(Phrase grounding data)
=-=-=-=-=

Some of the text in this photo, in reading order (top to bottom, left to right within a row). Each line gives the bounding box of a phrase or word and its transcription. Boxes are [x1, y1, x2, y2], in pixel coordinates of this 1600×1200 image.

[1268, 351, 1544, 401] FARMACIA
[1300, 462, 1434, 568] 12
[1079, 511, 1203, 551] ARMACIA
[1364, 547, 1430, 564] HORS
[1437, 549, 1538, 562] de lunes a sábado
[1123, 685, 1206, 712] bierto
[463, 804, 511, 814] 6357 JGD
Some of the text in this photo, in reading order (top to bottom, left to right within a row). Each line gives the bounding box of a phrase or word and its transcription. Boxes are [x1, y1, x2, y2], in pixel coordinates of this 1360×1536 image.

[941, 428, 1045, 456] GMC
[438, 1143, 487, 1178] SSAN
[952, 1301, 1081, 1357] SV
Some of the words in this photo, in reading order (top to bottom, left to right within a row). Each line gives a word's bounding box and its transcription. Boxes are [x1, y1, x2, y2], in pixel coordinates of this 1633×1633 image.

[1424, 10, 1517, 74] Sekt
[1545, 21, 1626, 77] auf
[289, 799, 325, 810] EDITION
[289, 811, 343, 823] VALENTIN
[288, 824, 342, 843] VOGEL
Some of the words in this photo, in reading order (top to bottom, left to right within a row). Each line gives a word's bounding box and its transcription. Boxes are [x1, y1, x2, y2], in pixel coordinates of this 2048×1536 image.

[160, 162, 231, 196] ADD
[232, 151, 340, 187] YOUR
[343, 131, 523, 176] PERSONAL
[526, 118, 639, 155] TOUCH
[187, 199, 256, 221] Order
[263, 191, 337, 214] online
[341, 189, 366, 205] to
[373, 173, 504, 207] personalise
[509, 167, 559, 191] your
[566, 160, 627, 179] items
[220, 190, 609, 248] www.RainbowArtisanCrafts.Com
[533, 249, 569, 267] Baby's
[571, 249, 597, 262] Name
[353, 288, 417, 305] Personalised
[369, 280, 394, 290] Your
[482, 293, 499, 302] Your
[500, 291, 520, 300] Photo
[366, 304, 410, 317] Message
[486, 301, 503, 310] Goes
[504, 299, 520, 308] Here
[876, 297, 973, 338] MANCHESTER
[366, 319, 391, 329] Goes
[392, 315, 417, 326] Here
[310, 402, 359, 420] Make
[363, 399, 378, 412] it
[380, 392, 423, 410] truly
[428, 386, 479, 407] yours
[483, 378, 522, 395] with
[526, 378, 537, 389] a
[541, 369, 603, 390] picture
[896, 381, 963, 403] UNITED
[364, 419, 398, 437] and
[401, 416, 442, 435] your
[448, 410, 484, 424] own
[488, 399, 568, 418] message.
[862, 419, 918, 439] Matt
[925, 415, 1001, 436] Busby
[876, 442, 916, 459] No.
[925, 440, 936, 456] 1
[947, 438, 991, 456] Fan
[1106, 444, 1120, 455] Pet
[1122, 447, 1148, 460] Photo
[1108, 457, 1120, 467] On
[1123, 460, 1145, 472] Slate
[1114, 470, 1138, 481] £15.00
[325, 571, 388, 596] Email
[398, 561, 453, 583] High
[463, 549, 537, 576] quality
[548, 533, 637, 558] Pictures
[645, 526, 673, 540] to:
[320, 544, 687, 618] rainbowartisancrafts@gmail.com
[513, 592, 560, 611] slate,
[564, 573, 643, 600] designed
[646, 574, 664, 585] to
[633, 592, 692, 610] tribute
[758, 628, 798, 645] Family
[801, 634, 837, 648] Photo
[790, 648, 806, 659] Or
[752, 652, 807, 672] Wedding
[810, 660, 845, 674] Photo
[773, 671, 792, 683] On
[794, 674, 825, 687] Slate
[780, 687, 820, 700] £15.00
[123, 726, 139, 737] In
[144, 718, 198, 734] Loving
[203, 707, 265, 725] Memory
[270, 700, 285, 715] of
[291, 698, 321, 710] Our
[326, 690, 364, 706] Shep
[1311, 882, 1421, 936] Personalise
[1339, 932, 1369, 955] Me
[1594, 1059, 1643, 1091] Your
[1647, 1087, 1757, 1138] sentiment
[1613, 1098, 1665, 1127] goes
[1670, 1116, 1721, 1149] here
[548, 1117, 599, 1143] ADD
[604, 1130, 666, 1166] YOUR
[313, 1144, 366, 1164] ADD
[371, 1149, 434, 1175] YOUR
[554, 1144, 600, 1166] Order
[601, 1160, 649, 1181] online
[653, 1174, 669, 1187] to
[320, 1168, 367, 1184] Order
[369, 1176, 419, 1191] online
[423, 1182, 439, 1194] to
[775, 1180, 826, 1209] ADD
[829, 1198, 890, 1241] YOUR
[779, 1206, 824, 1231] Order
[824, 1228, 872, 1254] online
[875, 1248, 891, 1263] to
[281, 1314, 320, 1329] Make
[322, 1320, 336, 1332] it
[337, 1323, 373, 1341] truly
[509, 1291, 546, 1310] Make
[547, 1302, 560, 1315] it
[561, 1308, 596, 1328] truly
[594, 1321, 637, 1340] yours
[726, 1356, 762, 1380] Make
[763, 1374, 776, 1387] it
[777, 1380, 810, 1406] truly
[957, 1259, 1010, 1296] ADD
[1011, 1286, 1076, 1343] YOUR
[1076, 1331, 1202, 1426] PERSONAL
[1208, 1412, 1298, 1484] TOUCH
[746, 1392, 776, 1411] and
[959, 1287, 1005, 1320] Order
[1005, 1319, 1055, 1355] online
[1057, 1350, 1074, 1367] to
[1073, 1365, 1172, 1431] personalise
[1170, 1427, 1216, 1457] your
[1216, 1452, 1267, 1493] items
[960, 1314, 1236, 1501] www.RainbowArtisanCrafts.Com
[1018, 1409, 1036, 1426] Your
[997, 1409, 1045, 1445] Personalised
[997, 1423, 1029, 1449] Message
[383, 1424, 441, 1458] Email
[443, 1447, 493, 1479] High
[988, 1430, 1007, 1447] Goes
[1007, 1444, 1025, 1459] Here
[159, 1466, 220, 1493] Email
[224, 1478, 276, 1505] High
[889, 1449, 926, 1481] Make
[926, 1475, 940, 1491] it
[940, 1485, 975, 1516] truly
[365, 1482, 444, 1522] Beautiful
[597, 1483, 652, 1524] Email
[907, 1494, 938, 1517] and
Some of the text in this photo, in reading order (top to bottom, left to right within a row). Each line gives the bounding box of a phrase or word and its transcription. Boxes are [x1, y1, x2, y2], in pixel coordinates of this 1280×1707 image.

=-=-=-=-=

### WHAT IS REQUIRED
Transcribe all of the data above, character for character.

### ANSWER TO THE PROBLEM
Some of the text in this photo, in reading order (top to bottom, left to right within a row). Each line gives the bounding box of a phrase or word and its transcription. Boxes are [x1, y1, x2, y2], in pixel coordinates of this 1600×1200 image.

[1268, 351, 1544, 401] FARMACIA
[1300, 462, 1434, 568] 12
[1079, 511, 1203, 551] ARMACIA
[1364, 547, 1430, 564] HORS
[1437, 549, 1538, 562] de lunes a sábado
[1123, 685, 1206, 712] bierto
[463, 804, 511, 814] 6357 JGD
Some of the text in this photo, in reading order (top to bottom, left to right within a row). Each line gives the bounding box of a phrase or word and its transcription. Boxes are [x1, y1, x2, y2], in pixel coordinates of this 1360×1536 image.

[941, 428, 1045, 456] GMC
[438, 1143, 487, 1178] SSAN
[952, 1301, 1081, 1357] SV
Some of the words in this photo, in reading order (top to bottom, left to right within a row). Each line gives a word's bounding box and its transcription. Boxes are [x1, y1, x2, y2], in pixel coordinates of this 1633×1633 image.

[1424, 10, 1517, 74] Sekt
[1545, 21, 1626, 77] auf
[289, 799, 325, 810] EDITION
[289, 811, 343, 823] VALENTIN
[288, 824, 342, 843] VOGEL
Some of the words in this photo, in reading order (top to bottom, left to right within a row). Each line gives a word's bounding box and its transcription. Boxes are [x1, y1, x2, y2], in pixel coordinates of this 2048×1536 image.

[160, 162, 231, 196] ADD
[232, 151, 340, 187] YOUR
[343, 131, 523, 176] PERSONAL
[526, 118, 639, 155] TOUCH
[187, 199, 256, 221] Order
[263, 191, 337, 214] online
[341, 189, 366, 205] to
[373, 173, 504, 207] personalise
[509, 167, 559, 191] your
[566, 160, 627, 179] items
[220, 190, 609, 248] www.RainbowArtisanCrafts.Com
[533, 249, 569, 267] Baby's
[571, 249, 597, 262] Name
[353, 288, 417, 305] Personalised
[369, 280, 394, 290] Your
[482, 293, 499, 302] Your
[500, 291, 520, 300] Photo
[366, 304, 410, 317] Message
[486, 301, 503, 310] Goes
[504, 299, 520, 308] Here
[876, 297, 973, 338] MANCHESTER
[366, 319, 391, 329] Goes
[392, 315, 417, 326] Here
[310, 402, 359, 420] Make
[363, 399, 378, 412] it
[380, 392, 423, 410] truly
[428, 386, 479, 407] yours
[483, 378, 522, 395] with
[526, 378, 537, 389] a
[541, 369, 603, 390] picture
[896, 381, 963, 403] UNITED
[364, 419, 398, 437] and
[401, 416, 442, 435] your
[448, 410, 484, 424] own
[488, 399, 568, 418] message.
[862, 419, 918, 439] Matt
[925, 415, 1001, 436] Busby
[876, 442, 916, 459] No.
[925, 440, 936, 456] 1
[947, 438, 991, 456] Fan
[1106, 444, 1120, 455] Pet
[1122, 447, 1148, 460] Photo
[1108, 457, 1120, 467] On
[1123, 460, 1145, 472] Slate
[1114, 470, 1138, 481] £15.00
[325, 571, 388, 596] Email
[398, 561, 453, 583] High
[463, 549, 537, 576] quality
[548, 533, 637, 558] Pictures
[645, 526, 673, 540] to:
[320, 544, 687, 618] rainbowartisancrafts@gmail.com
[513, 592, 560, 611] slate,
[564, 573, 643, 600] designed
[646, 574, 664, 585] to
[633, 592, 692, 610] tribute
[758, 628, 798, 645] Family
[801, 634, 837, 648] Photo
[790, 648, 806, 659] Or
[752, 652, 807, 672] Wedding
[810, 660, 845, 674] Photo
[773, 671, 792, 683] On
[794, 674, 825, 687] Slate
[780, 687, 820, 700] £15.00
[123, 726, 139, 737] In
[144, 718, 198, 734] Loving
[203, 707, 265, 725] Memory
[270, 700, 285, 715] of
[291, 698, 321, 710] Our
[326, 690, 364, 706] Shep
[1311, 882, 1421, 936] Personalise
[1339, 932, 1369, 955] Me
[1594, 1059, 1643, 1091] Your
[1647, 1087, 1757, 1138] sentiment
[1613, 1098, 1665, 1127] goes
[1670, 1116, 1721, 1149] here
[548, 1117, 599, 1143] ADD
[604, 1130, 666, 1166] YOUR
[313, 1144, 366, 1164] ADD
[371, 1149, 434, 1175] YOUR
[554, 1144, 600, 1166] Order
[601, 1160, 649, 1181] online
[653, 1174, 669, 1187] to
[320, 1168, 367, 1184] Order
[369, 1176, 419, 1191] online
[423, 1182, 439, 1194] to
[775, 1180, 826, 1209] ADD
[829, 1198, 890, 1241] YOUR
[779, 1206, 824, 1231] Order
[824, 1228, 872, 1254] online
[875, 1248, 891, 1263] to
[281, 1314, 320, 1329] Make
[322, 1320, 336, 1332] it
[337, 1323, 373, 1341] truly
[509, 1291, 546, 1310] Make
[547, 1302, 560, 1315] it
[561, 1308, 596, 1328] truly
[594, 1321, 637, 1340] yours
[726, 1356, 762, 1380] Make
[763, 1374, 776, 1387] it
[777, 1380, 810, 1406] truly
[957, 1259, 1010, 1296] ADD
[1011, 1286, 1076, 1343] YOUR
[1076, 1331, 1202, 1426] PERSONAL
[1208, 1412, 1298, 1484] TOUCH
[746, 1392, 776, 1411] and
[959, 1287, 1005, 1320] Order
[1005, 1319, 1055, 1355] online
[1057, 1350, 1074, 1367] to
[1073, 1365, 1172, 1431] personalise
[1170, 1427, 1216, 1457] your
[1216, 1452, 1267, 1493] items
[960, 1314, 1236, 1501] www.RainbowArtisanCrafts.Com
[1018, 1409, 1036, 1426] Your
[997, 1409, 1045, 1445] Personalised
[997, 1423, 1029, 1449] Message
[383, 1424, 441, 1458] Email
[443, 1447, 493, 1479] High
[988, 1430, 1007, 1447] Goes
[1007, 1444, 1025, 1459] Here
[159, 1466, 220, 1493] Email
[224, 1478, 276, 1505] High
[889, 1449, 926, 1481] Make
[926, 1475, 940, 1491] it
[940, 1485, 975, 1516] truly
[365, 1482, 444, 1522] Beautiful
[597, 1483, 652, 1524] Email
[907, 1494, 938, 1517] and
Some of the text in this photo, in reading order (top to bottom, left to right within a row). Each line gives the bounding box of a phrase or word and its transcription. Boxes are [x1, y1, x2, y2], in pixel coordinates of this 1280×1707 image.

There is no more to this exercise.